Wesel: Reformationsjubiläum: Kirche zieht Bilanz

Wesel : Reformationsjubiläum: Kirche zieht Bilanz

"Luther predigt am 31. Oktober am Lauerhaas" steht auf dem Ankündigungsplakat. "Jeder weiß natürlich", sagt Pfarrer Albrecht Holthuis mit einem Augenzwinkern, "dass Luther nicht persönlich erscheint, aber irgendwie wird er doch da sein."

In dem Gottesdienst um 19 Uhr in der Lauerhaas-Kirche wird das berühmte Bild des Reformationsaltars aus Wittenberg im Mittelpunkt stehen. Unter anderem werden der Kirchenchor und die Konfirmanden neue Thesen zur Reformation formulieren. Nach dem Gottesdienst gibt es einen Umtrunk. Und die Gemeindeglieder sind eingeladen, "der Reformation Flügel zu verleihen".

Der evangelische Kirchenkreis Wesel zog gestern eine erste Bilanz des Reformationsjubiläums, zu dessen "Finale" am Reformationstag die Gemeinden zwischen Emmerich, Wesel, Drevenack und Schermbeck mit ihren rund 40. 000 Mitgliedern jetzt ansetzen.

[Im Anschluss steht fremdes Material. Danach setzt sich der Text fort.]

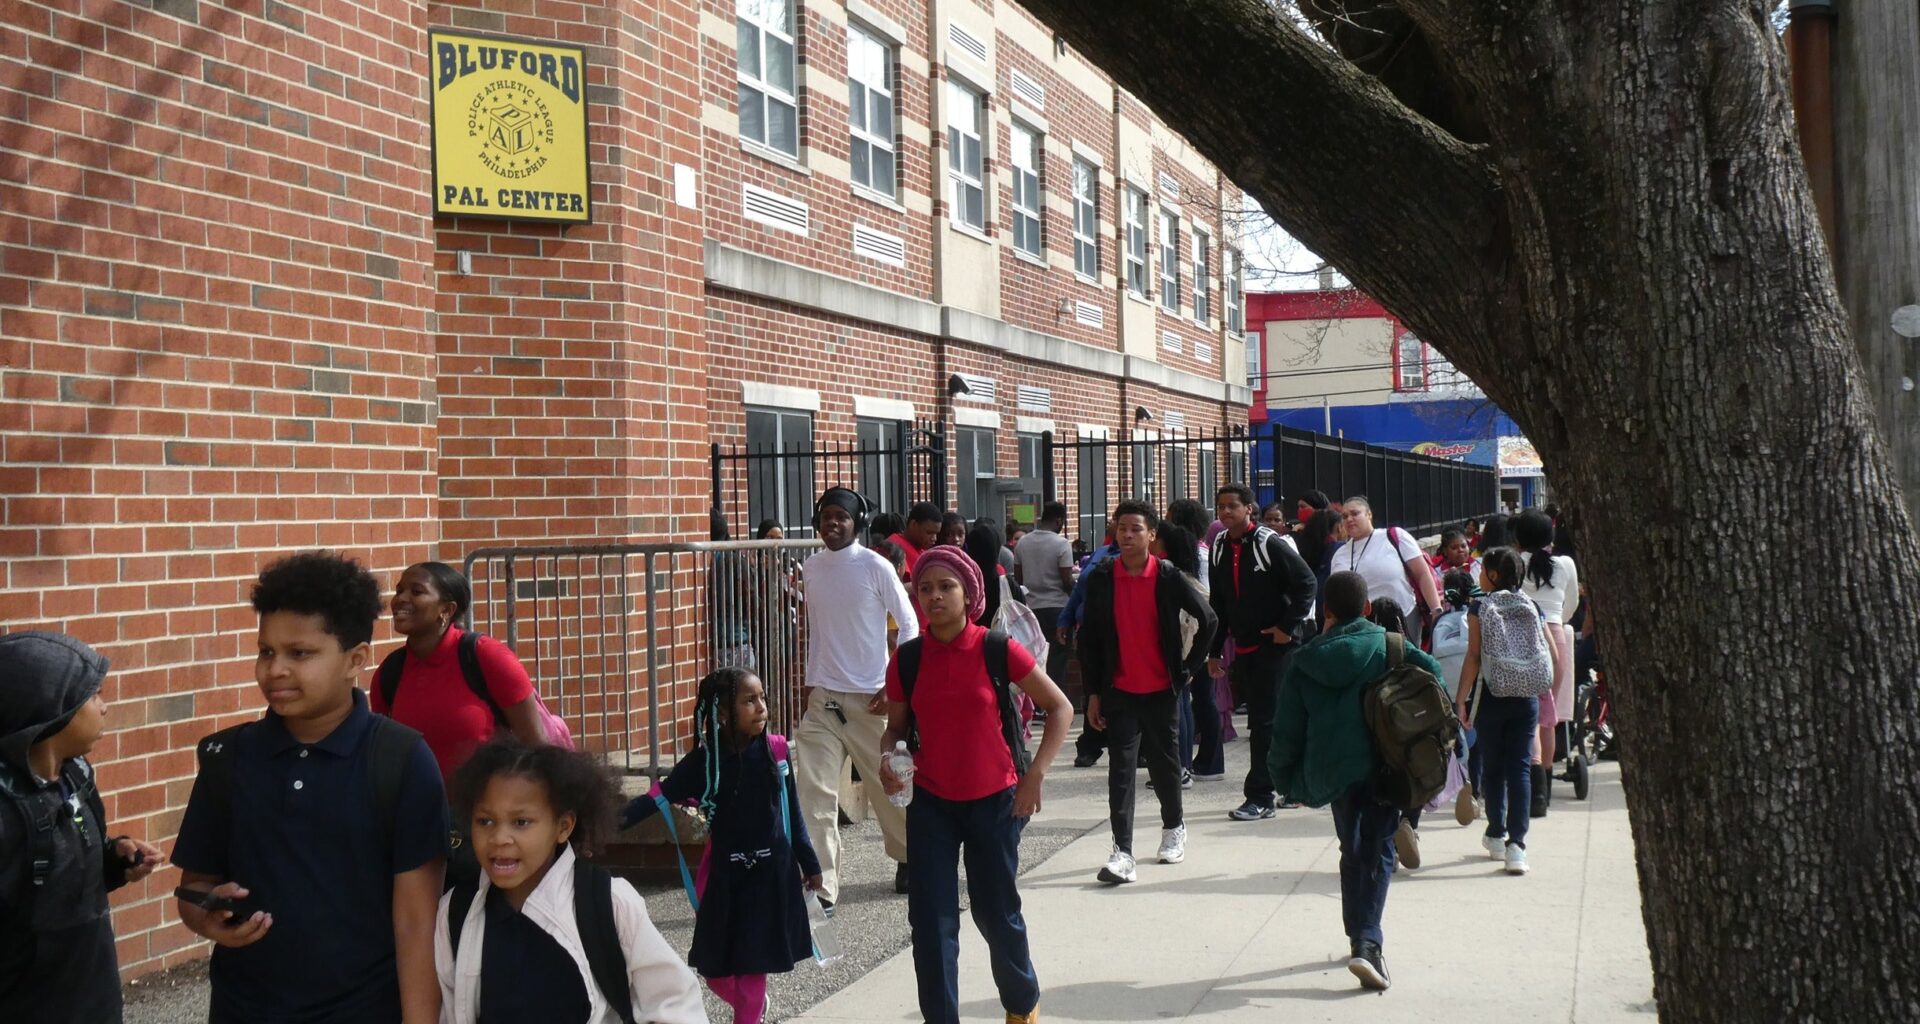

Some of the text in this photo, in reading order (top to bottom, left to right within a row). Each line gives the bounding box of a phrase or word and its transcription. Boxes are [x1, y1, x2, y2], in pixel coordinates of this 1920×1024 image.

Fast ein ganzes Jahr lang gab es zahlreiche Veranstaltungen: Gottesdienste mal ganz anders und woanders, Konzerte mit Klassik, Gospel und Pop, den Kreiskirchentag mit Festkonzert, Jugendtag und Fest der Gemeinden, verschiedene Vorträge und Ausstellungen, Theateraufführungen und einiges mehr. Nun geht es "im Sauseschritt", so Holthuis, auf das eigentliche Jubiläumsdatum zu, dem Reformationstag am Dienstag, 31. Oktober. "Und hier gibt es noch einmal viele Gelegenheiten für die Gemeindeglieder im Kirchenkreis, mit ihrer Gemeinde 500 Jahre Protestantismus in einem Festgottesdienst zu feiern und zu gedenken", erklärt der Pastor, der auch für die Öffentlichkeitsarbeit im Kirchenkreis zuständig ist.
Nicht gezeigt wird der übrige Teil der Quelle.